Our next jazz jam is May 18th and the tune-of-the-week is Gershwin’s, “But Not For Me.” See Michael’s prep notes below. Dan is our educator/saxophonist, Dave Stoler is on piano, Matt Rodgers on bass, and Rand on drums.

Our last jam was the 1st beautiful day of spring and while the audience turn-out was good not as many jammers showed. For the jammers that did it was fantastic: lots of playing opportunities. This next weekend is graduation weekend so it’s possible the jammer turnout will be low again. On the other hand we had a terrific turnout 2 years ago on the same weekend.

One thing about a jam session, it is not predictable. You never know how many people will show up, who they’ll be, and what lessons you’ll learn.
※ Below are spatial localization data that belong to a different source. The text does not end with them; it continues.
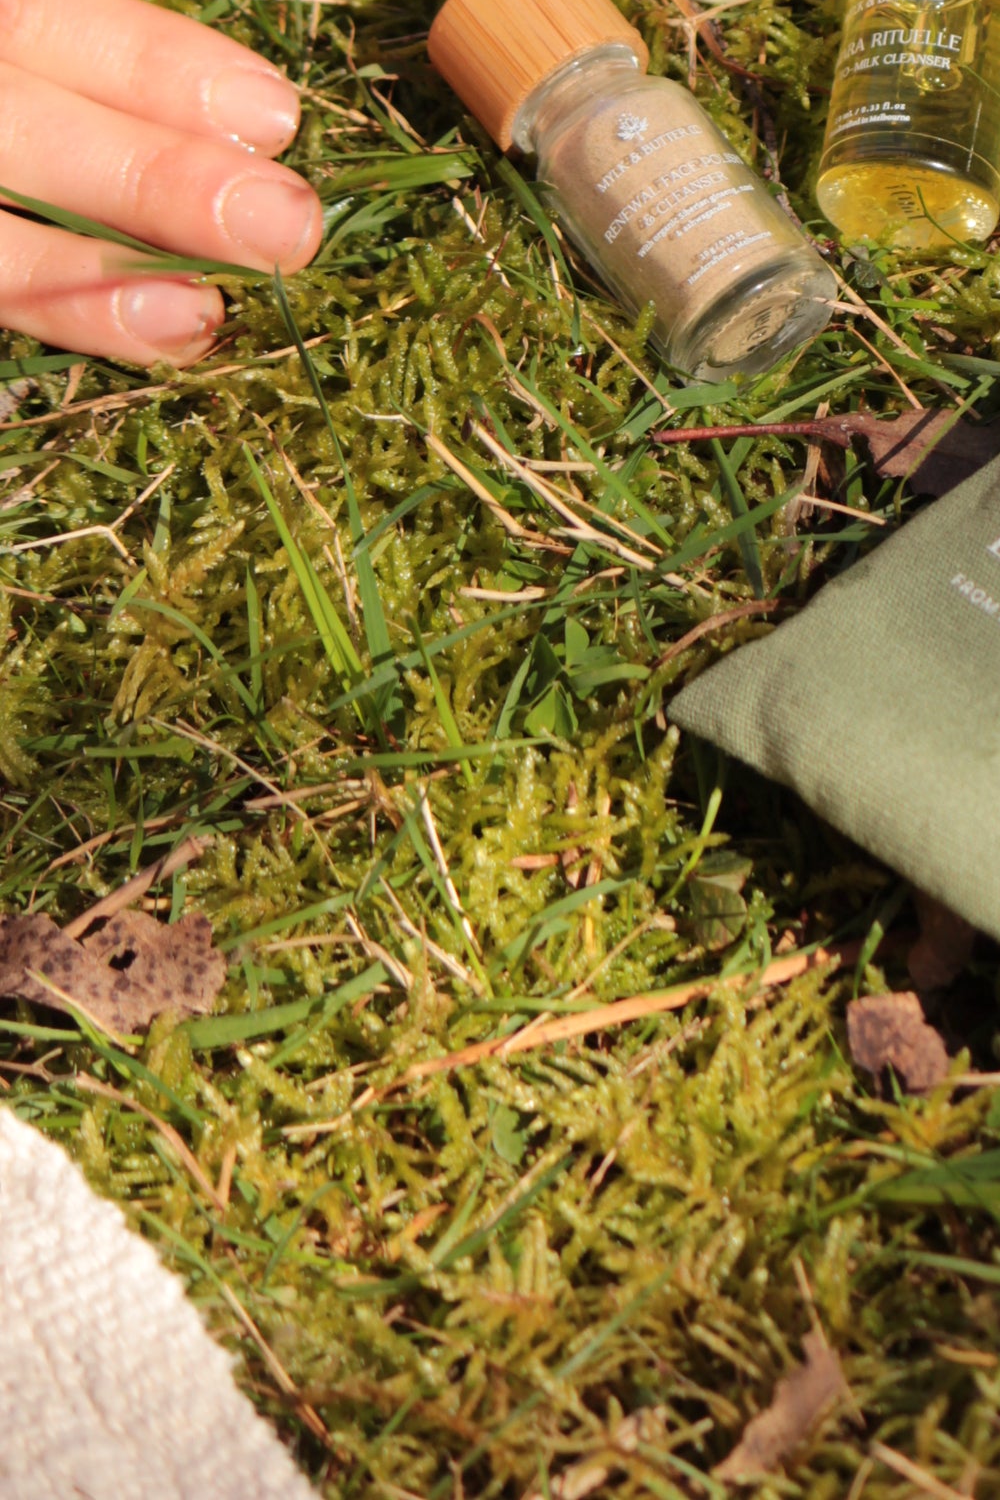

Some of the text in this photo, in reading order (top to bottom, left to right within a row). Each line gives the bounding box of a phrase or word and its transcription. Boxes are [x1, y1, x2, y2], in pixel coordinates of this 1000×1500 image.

[871, 28, 963, 52] RITUELLE
[883, 52, 952, 70] CLEANSER
[596, 163, 630, 194] MYLK
[630, 153, 641, 164] &
[604, 185, 658, 243] RENEWAL
[660, 160, 699, 188] FACE
[642, 171, 728, 227] & CLEANSER
[949, 572, 1000, 615] FROM
A few weeks ago at the New Breed jam I was called up to play a tune with the great Brian Lynch. I knew he was in town to teach a workshop and play a concert but it came as shock that I was about to jam with him. It took a while to settle down and play the tune right.

Although I could have berated myself for not playing well, I chose to enjoy the moment: I was playing a tune with a world-class trumpeter and standing right next to him while he played. It doesn’t get much better!

Any time you perform with better players it is easy to feel the pressure and come away feeling inadequate. On the other hand it is often a learning opportunity. Lately, I’m trying to focus on lessons to be learned rather than judging my performance. I find I’m less anxious and more likely to play better.  This is not easy and is a work in progress, but  the less I think about sounding great the better I sound.  Give this a try if you get anxious about performing at the jam. See how it works for you.